The practice was founded on a fiction of law, (always used to extend the power of the court.) The writ was issued, setting forth that the party had committed a breach of the peace—that he had broken into the plaintiff’s close vi et armis, which, according to the old common law, subjected the defendant's person to be arrested by writ of capias ; and then afterwards, by connivance of the court, the plaintiff might proceed to prosecute for any other less forcible injury.

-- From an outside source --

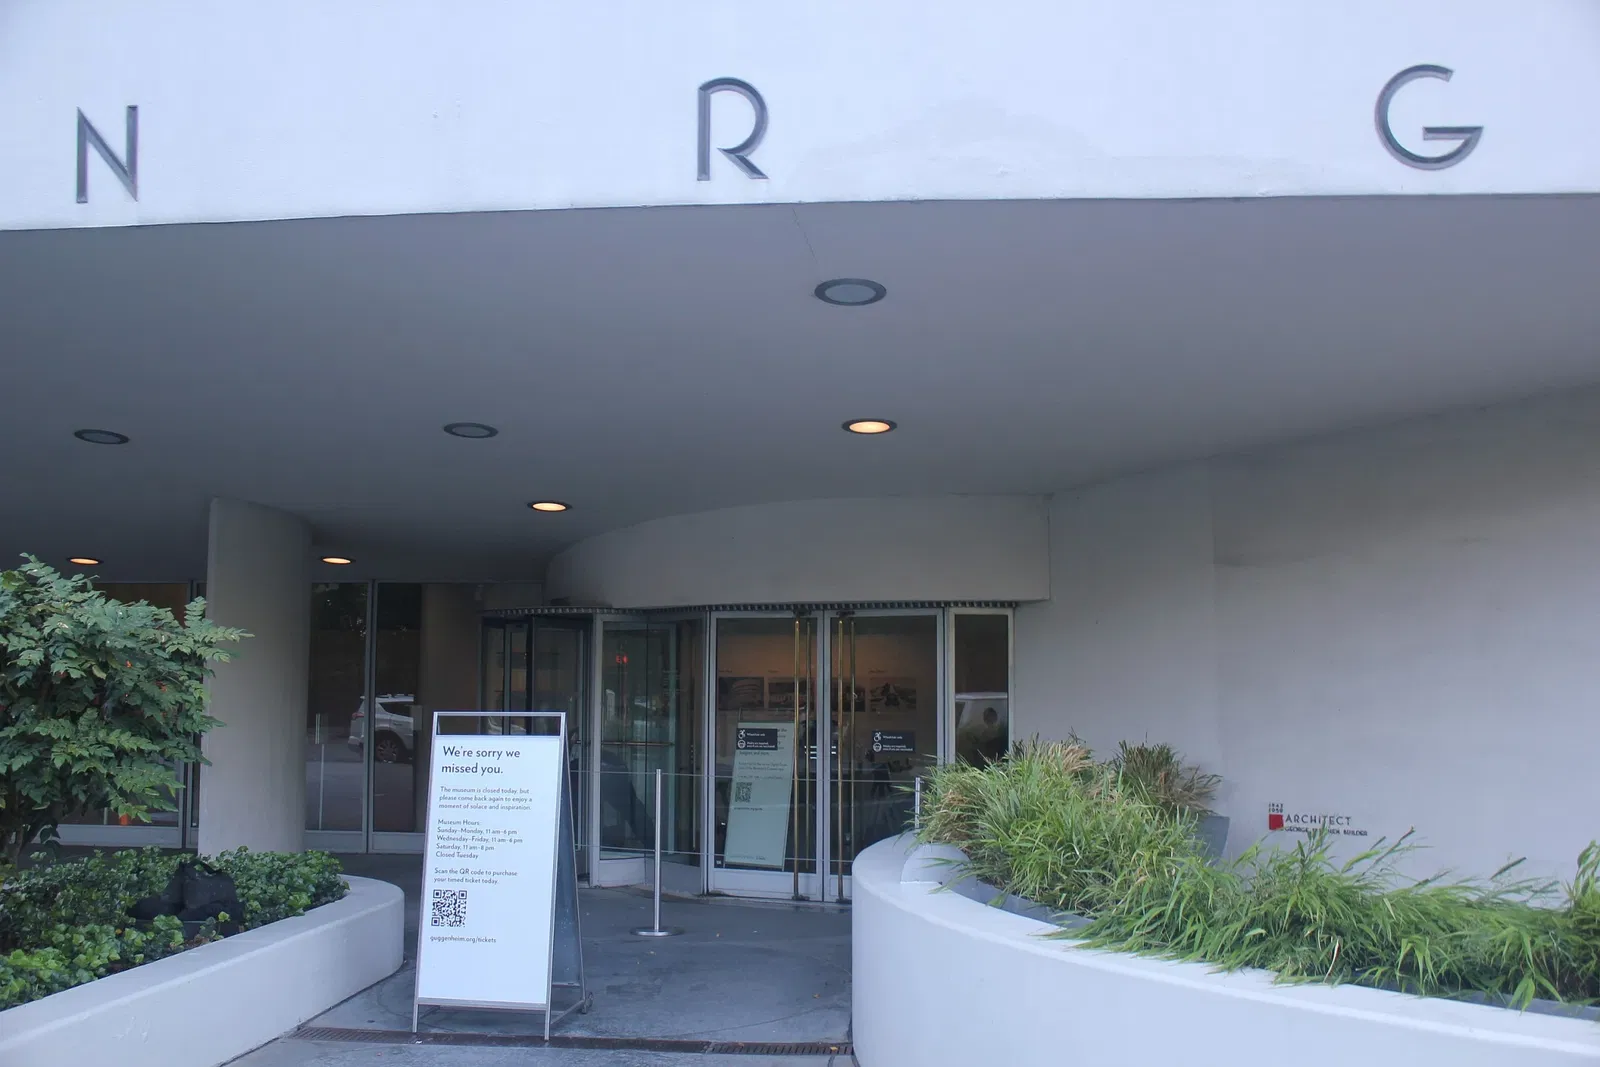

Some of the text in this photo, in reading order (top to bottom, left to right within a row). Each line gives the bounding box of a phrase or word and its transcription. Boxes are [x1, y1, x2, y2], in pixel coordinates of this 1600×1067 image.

“This practice of the courts continued, in defiance of law, as is - the statutes which gave birth to imprisonment for debt had not been repealed, until the statute, 19 Henry 7th, in the year 1466, was enacted, construed and practised on, as if it had been, as it seemed to imply, predicated on a previously existing and unrepealed statute authorising imprisonment for debt. This statute, however, gave countenance to the illegal practice of the judicial courts, and imprisonment for debt continued on without molestation, until its baneful influence had spread human misery far and wide, and was increasing still, when the statute of 8th Elizabeth (1566) was made, to punish those who had, as the law itself stated, “of their own malicious minds, and without any just cause, procured their fellow-subjects to be greatly molested and troubled, by attachments and arrests made of their bodies, only on a mere pretence of debt.” The number of this class of sufferers must have been great, and the number of those who, even at this early period, had used the law of imprisonment for debt for the purpose of oppression, by no means small, when the government deemed it requisite to interpose to arrest the evil.” “This, however,” says Burges, in his consideration on the law of insolvency, “was not the only grievance which called for redress. It was grown to be a common practice for any man who envied the prosperity of his neighbor, who was desirous of putting out of his way a more successful competitor, or who wished to gratify the calls of personal hatred, to cause another to be arrested, at the suit either of some person who in fact did not exist, or of some one who had no cause of action, and who was ignorant of the malicious prostitution of his name. To what length will not the depravity of mankind go, when an unlimited
field for the exercise of their passions is afforded to them; when the municipal law dares to remove the sacred land-marks of the law of nature ? What apology can be made for a practice which thus instantly, as it were, opened the sluices of oppression, fraud and
“Enormous as was the grievance for which a remedy was proposed by the preceding act, it was but a part of the mischiefs which arose from this oppressive practice ; and, consequently, the wholesome operation of the statutes 8th Elizabeth, c. 2, was extremely circumscribed, and confined to a few of the unhappy sufferers.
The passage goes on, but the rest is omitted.